- [TRY IT] A verbatim restatement of the data, free of pictures, is what you should output.

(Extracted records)
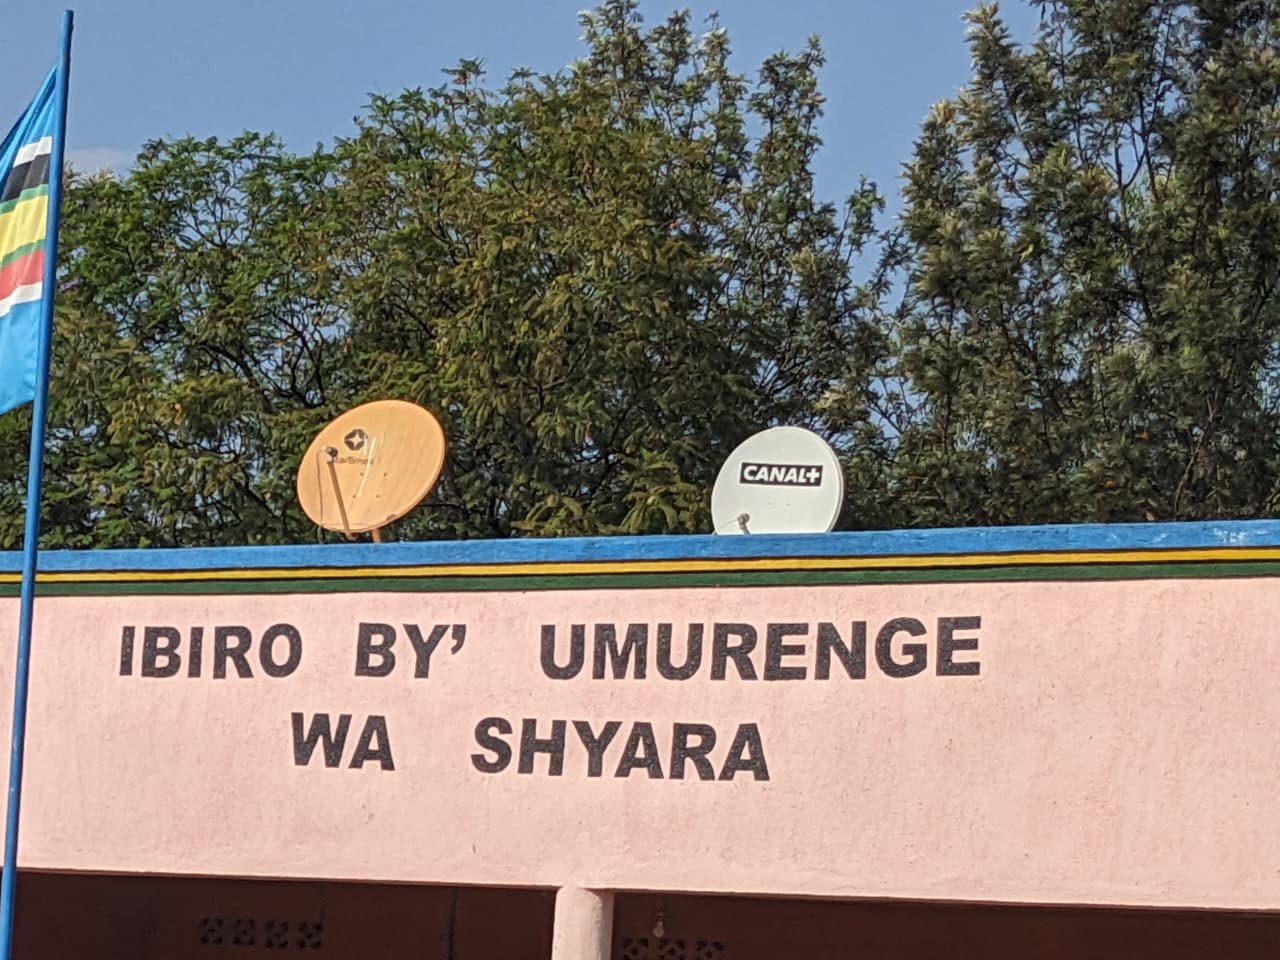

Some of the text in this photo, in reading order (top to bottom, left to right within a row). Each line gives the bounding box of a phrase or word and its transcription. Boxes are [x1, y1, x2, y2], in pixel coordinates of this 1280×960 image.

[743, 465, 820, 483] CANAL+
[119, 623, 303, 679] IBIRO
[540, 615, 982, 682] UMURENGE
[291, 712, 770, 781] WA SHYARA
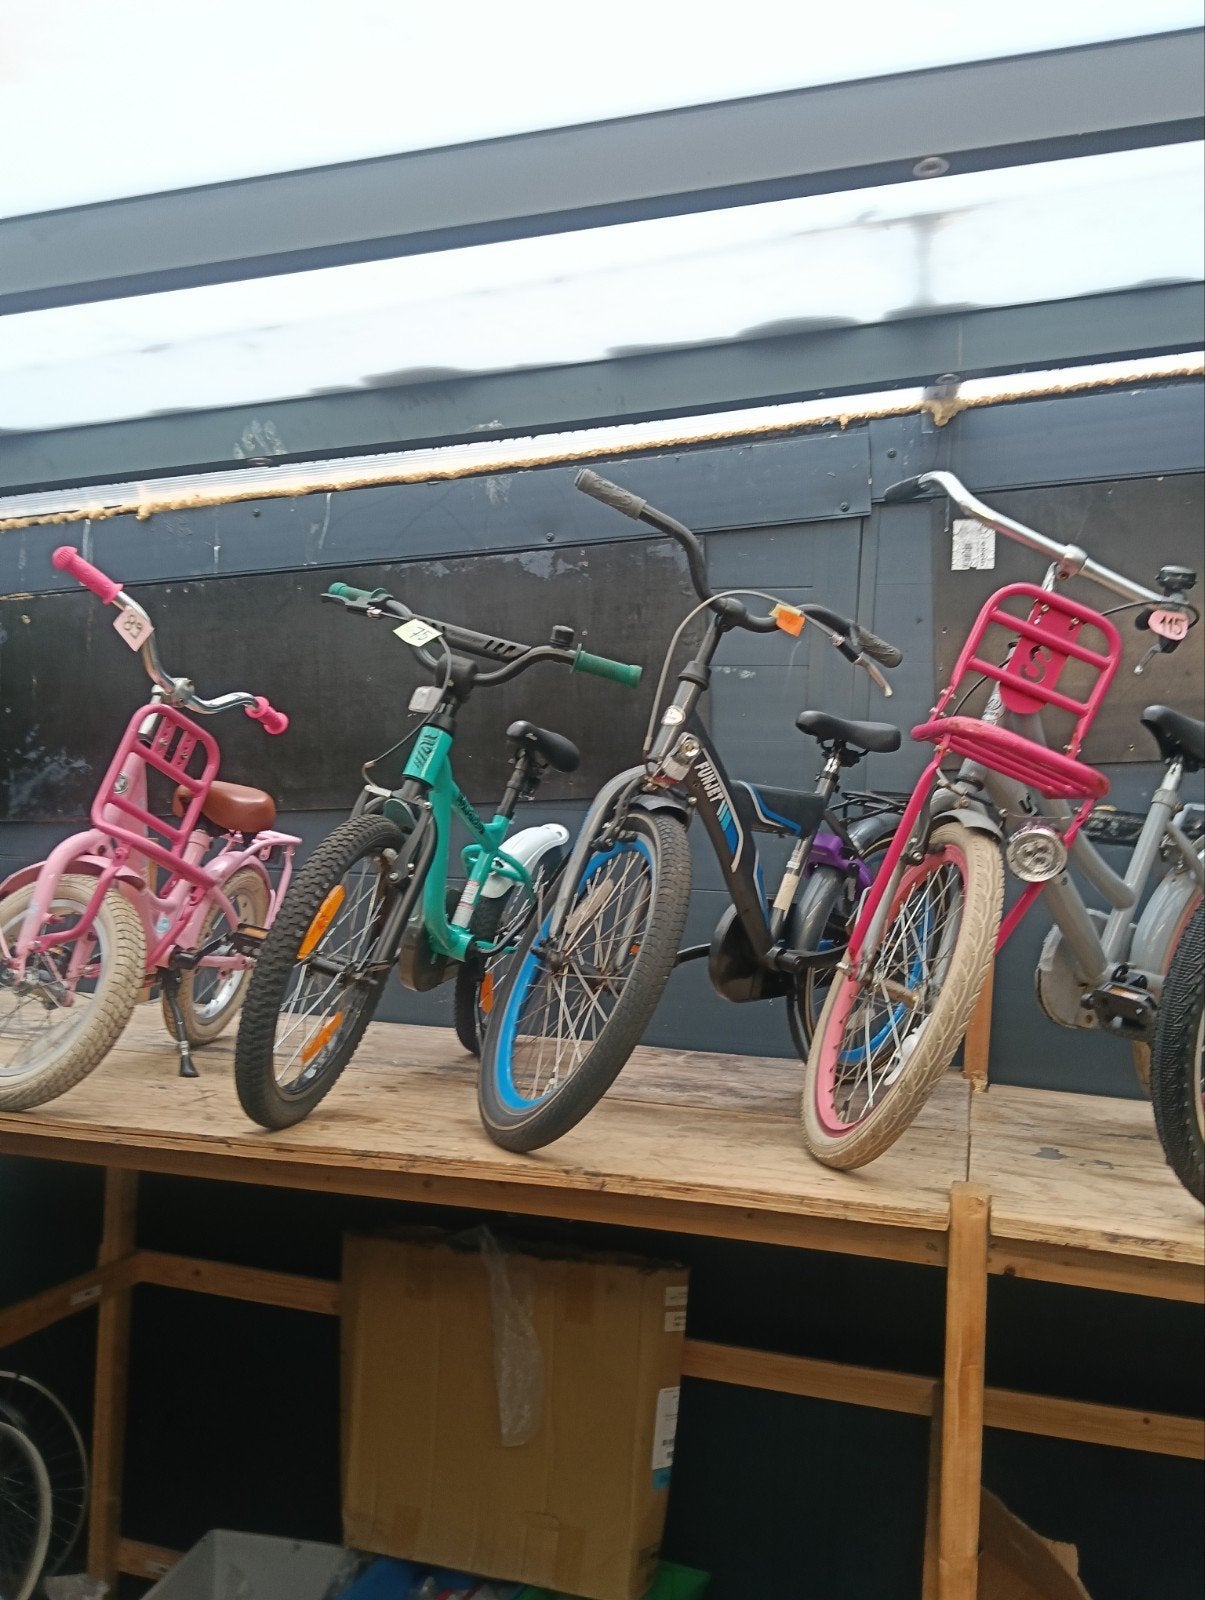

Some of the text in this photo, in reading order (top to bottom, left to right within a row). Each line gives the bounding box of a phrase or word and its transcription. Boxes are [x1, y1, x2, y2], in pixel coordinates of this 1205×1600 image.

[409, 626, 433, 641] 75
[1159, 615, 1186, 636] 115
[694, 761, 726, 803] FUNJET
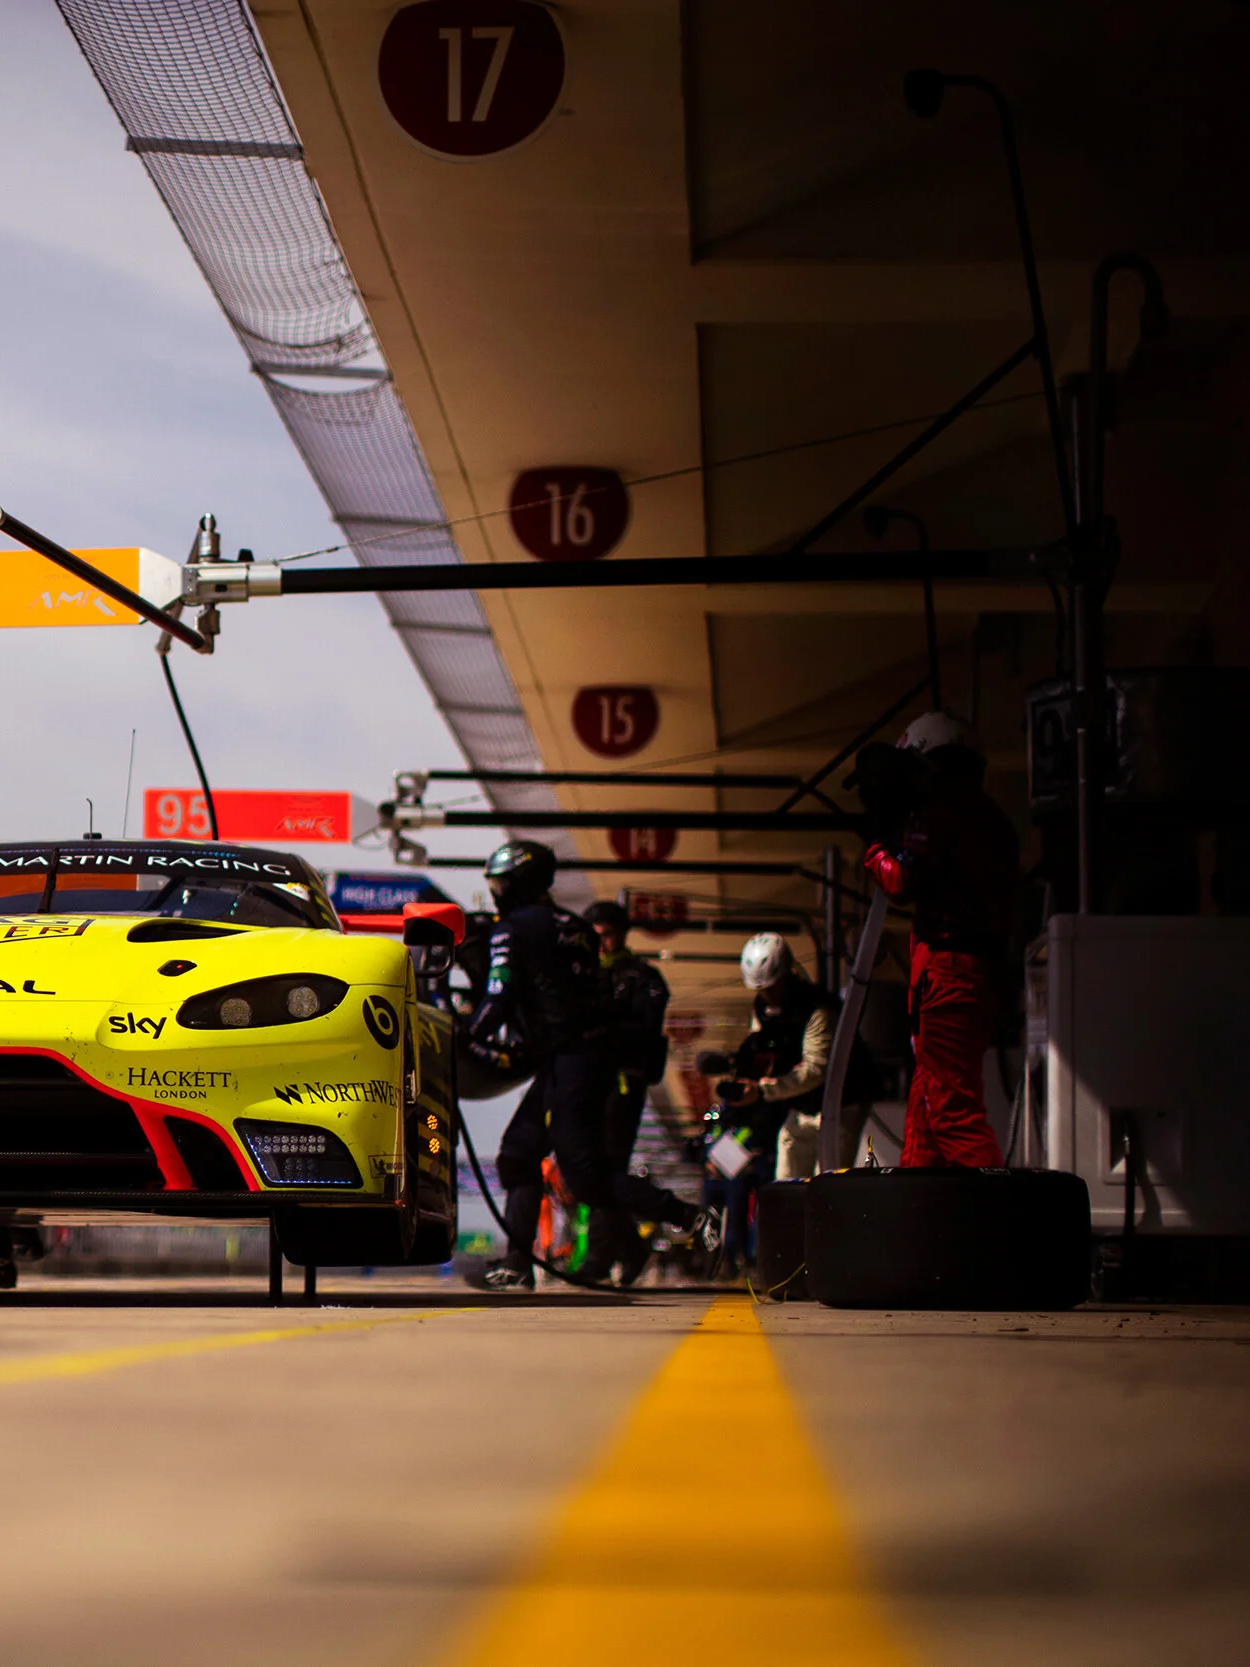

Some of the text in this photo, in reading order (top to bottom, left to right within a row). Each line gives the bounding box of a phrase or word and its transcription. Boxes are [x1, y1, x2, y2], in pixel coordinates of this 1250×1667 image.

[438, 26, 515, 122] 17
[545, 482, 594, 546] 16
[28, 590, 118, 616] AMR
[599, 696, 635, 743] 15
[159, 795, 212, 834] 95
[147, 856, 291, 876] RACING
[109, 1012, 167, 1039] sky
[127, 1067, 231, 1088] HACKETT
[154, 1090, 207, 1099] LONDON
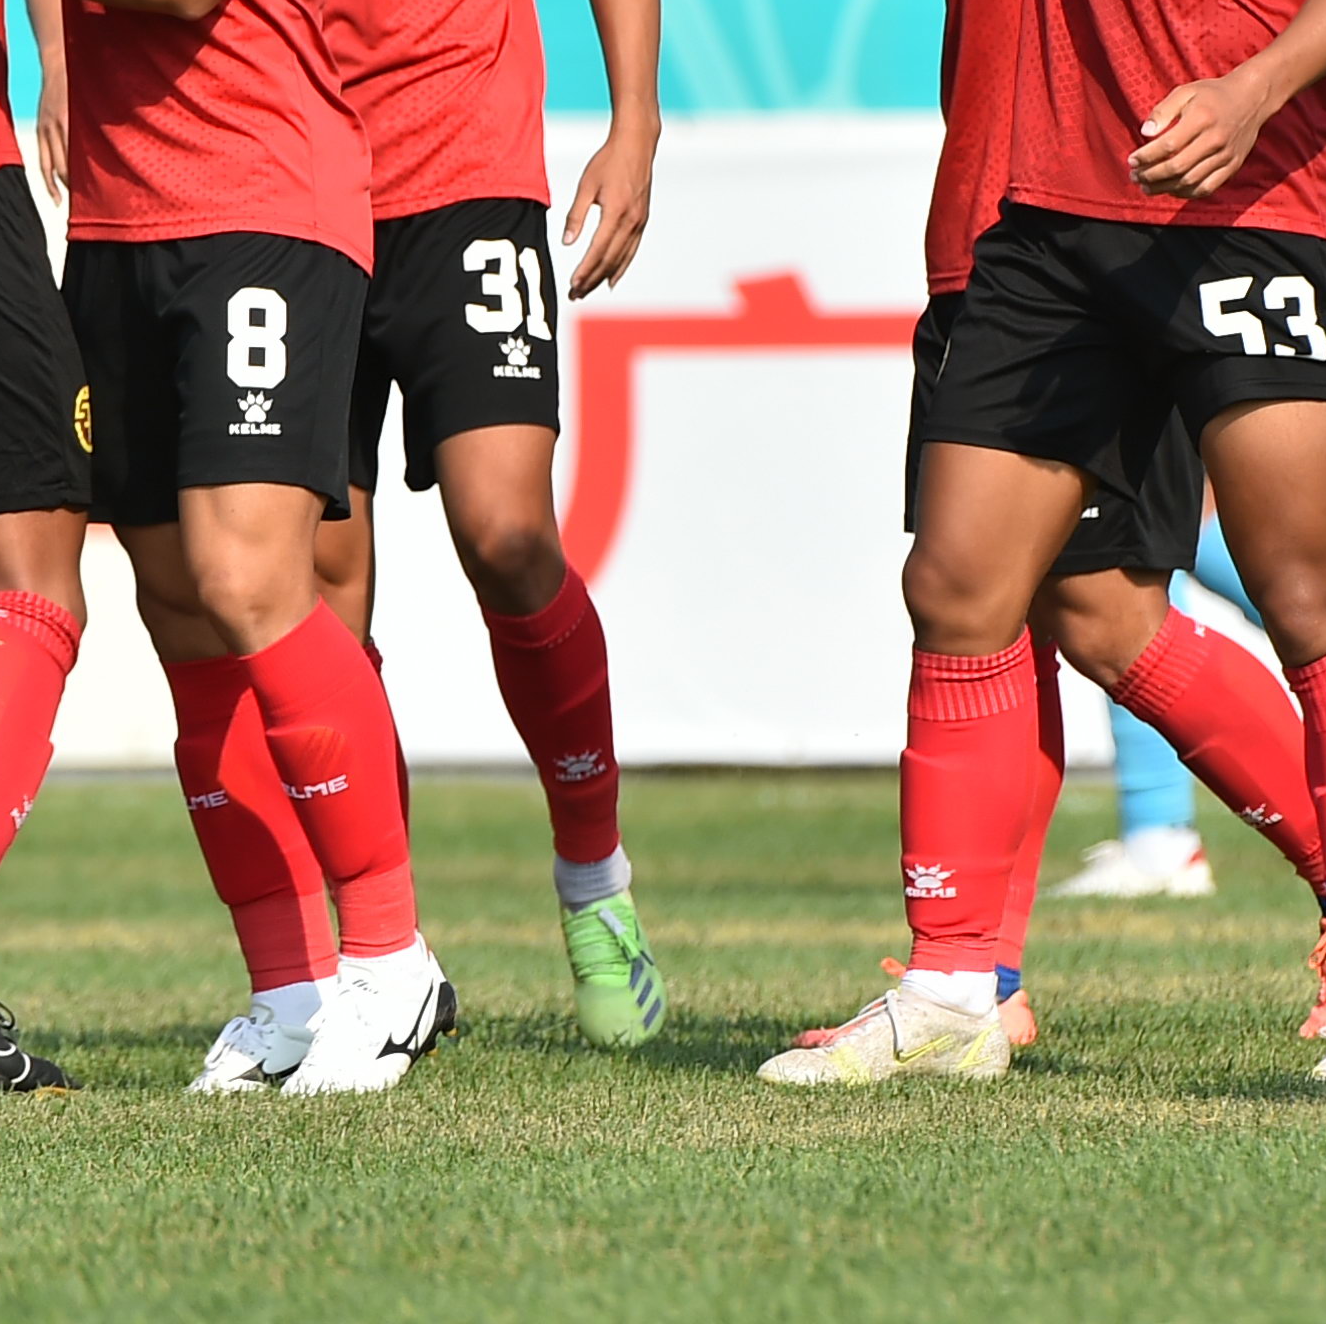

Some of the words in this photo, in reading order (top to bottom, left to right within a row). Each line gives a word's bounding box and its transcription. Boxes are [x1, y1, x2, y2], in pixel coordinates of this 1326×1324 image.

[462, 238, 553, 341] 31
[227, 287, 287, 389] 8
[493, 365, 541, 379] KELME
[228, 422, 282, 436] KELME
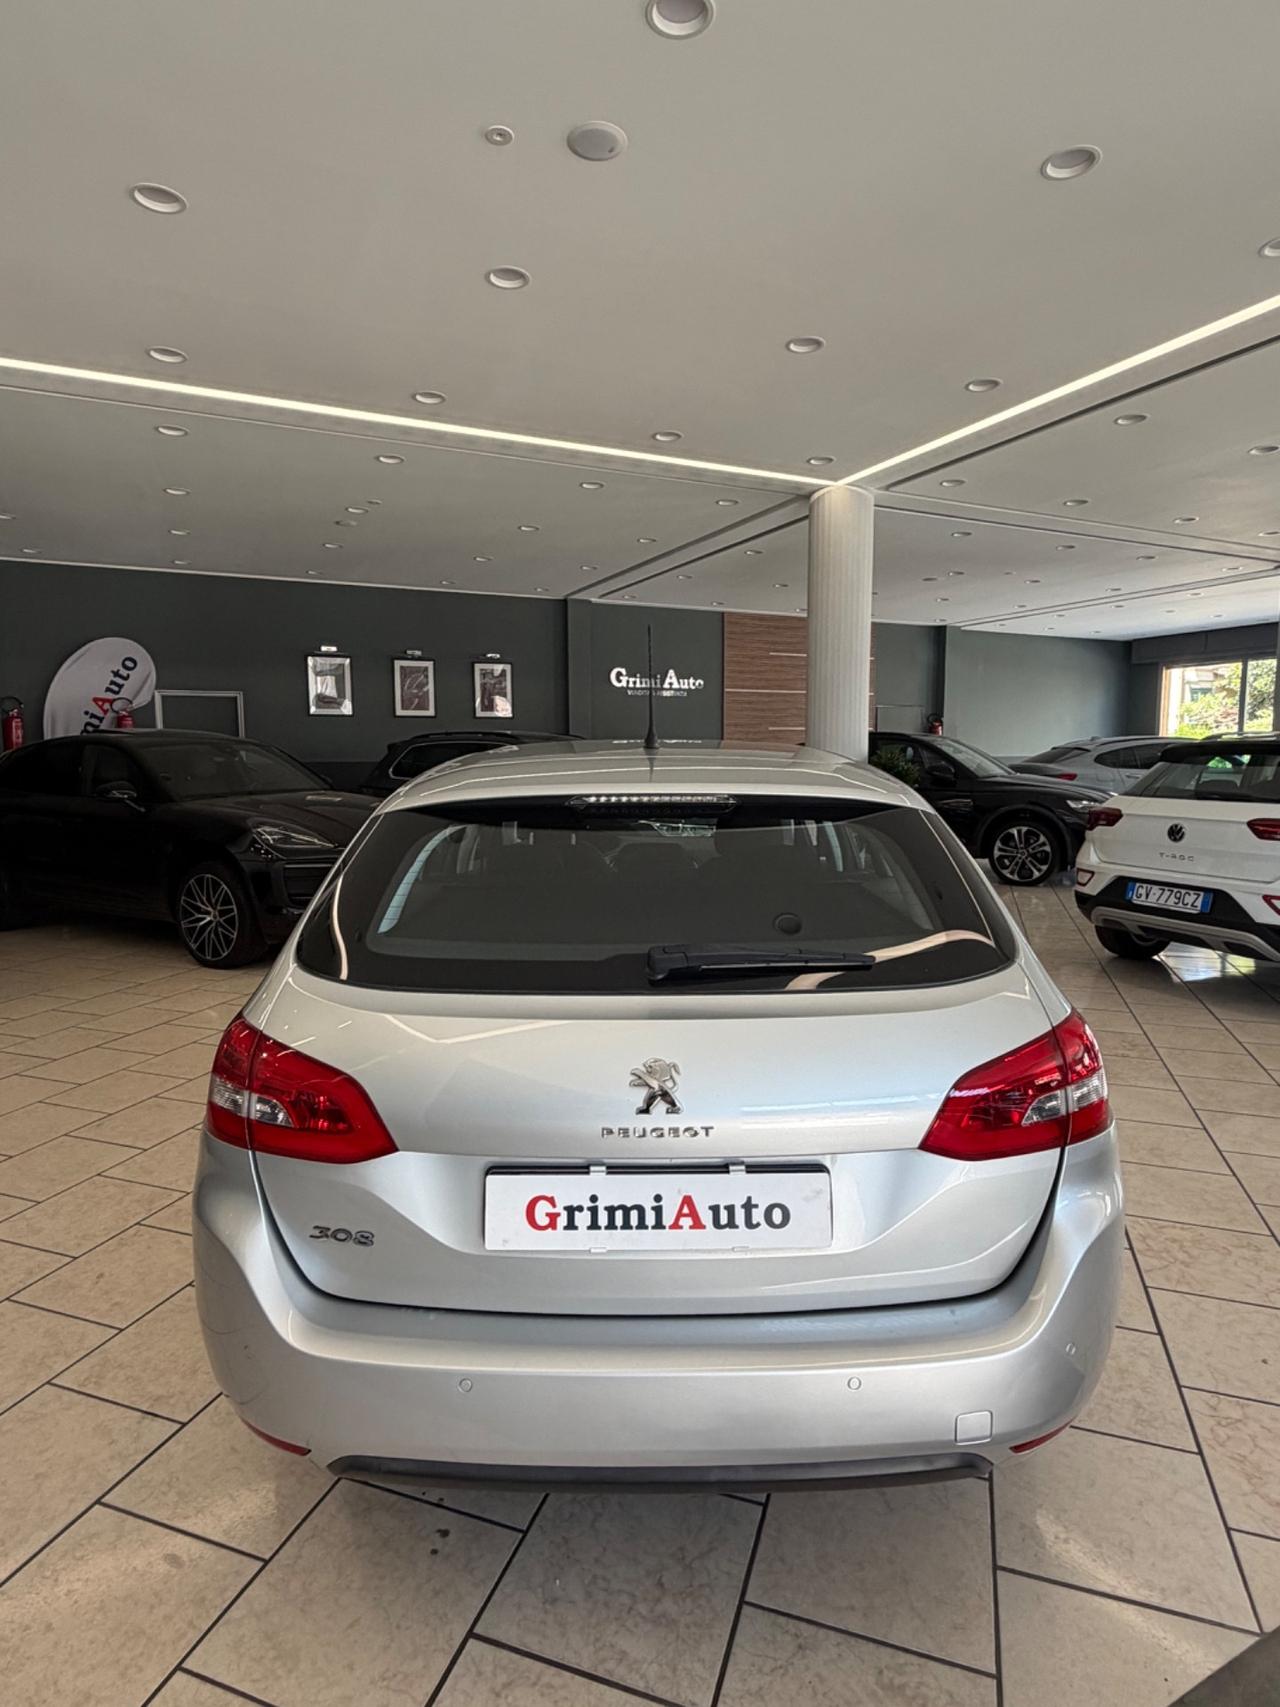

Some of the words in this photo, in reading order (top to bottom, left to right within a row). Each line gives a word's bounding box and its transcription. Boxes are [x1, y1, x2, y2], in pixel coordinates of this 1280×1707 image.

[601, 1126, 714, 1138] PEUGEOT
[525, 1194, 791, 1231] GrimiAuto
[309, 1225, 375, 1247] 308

- [YOUR SOLUTION]
Some of the text in this photo, in reading order (top to bottom, left to right within a row). Each line gives the bounding box of a phrase or word and its transcription. Boxes are [x1, y1, x2, y2], in pixel coordinates of this 1280×960 image.

[743, 465, 820, 483] CANAL+
[119, 623, 303, 679] IBIRO
[540, 615, 982, 682] UMURENGE
[291, 712, 770, 781] WA SHYARA

Some of the text in this photo, in reading order (top to bottom, left to right within a row). Each line gives the bounding box of a phrase or word and its transcription. Boxes are [x1, y1, x2, y2], in pixel coordinates of this 1205×1600 image.

[409, 626, 433, 641] 75
[1159, 615, 1186, 636] 115
[694, 761, 726, 803] FUNJET

Some of the text in this photo, in reading order (top to bottom, left to right within a row). Each line gives the bounding box of a phrase or word and its transcription. Boxes are [x1, y1, x2, y2], in pixel coordinates of this 1250×1667 image.

[438, 26, 515, 122] 17
[545, 482, 594, 546] 16
[28, 590, 118, 616] AMR
[599, 696, 635, 743] 15
[159, 795, 212, 834] 95
[147, 856, 291, 876] RACING
[109, 1012, 167, 1039] sky
[127, 1067, 231, 1088] HACKETT
[154, 1090, 207, 1099] LONDON

Some of the words in this photo, in reading order (top to bottom, left to right within a row). Each line gives a word's bounding box and its transcription. Boxes are [x1, y1, x2, y2], in pixel coordinates of this 1326×1324 image.

[462, 238, 553, 341] 31
[227, 287, 287, 389] 8
[493, 365, 541, 379] KELME
[228, 422, 282, 436] KELME

Some of the words in this photo, in reading order (top to bottom, left to right within a row). Each line gives a word's bounding box and its transcription. Boxes are [x1, y1, x2, y2], in pixel coordinates of this 1280×1707 image.

[601, 1126, 714, 1138] PEUGEOT
[525, 1194, 791, 1231] GrimiAuto
[309, 1225, 375, 1247] 308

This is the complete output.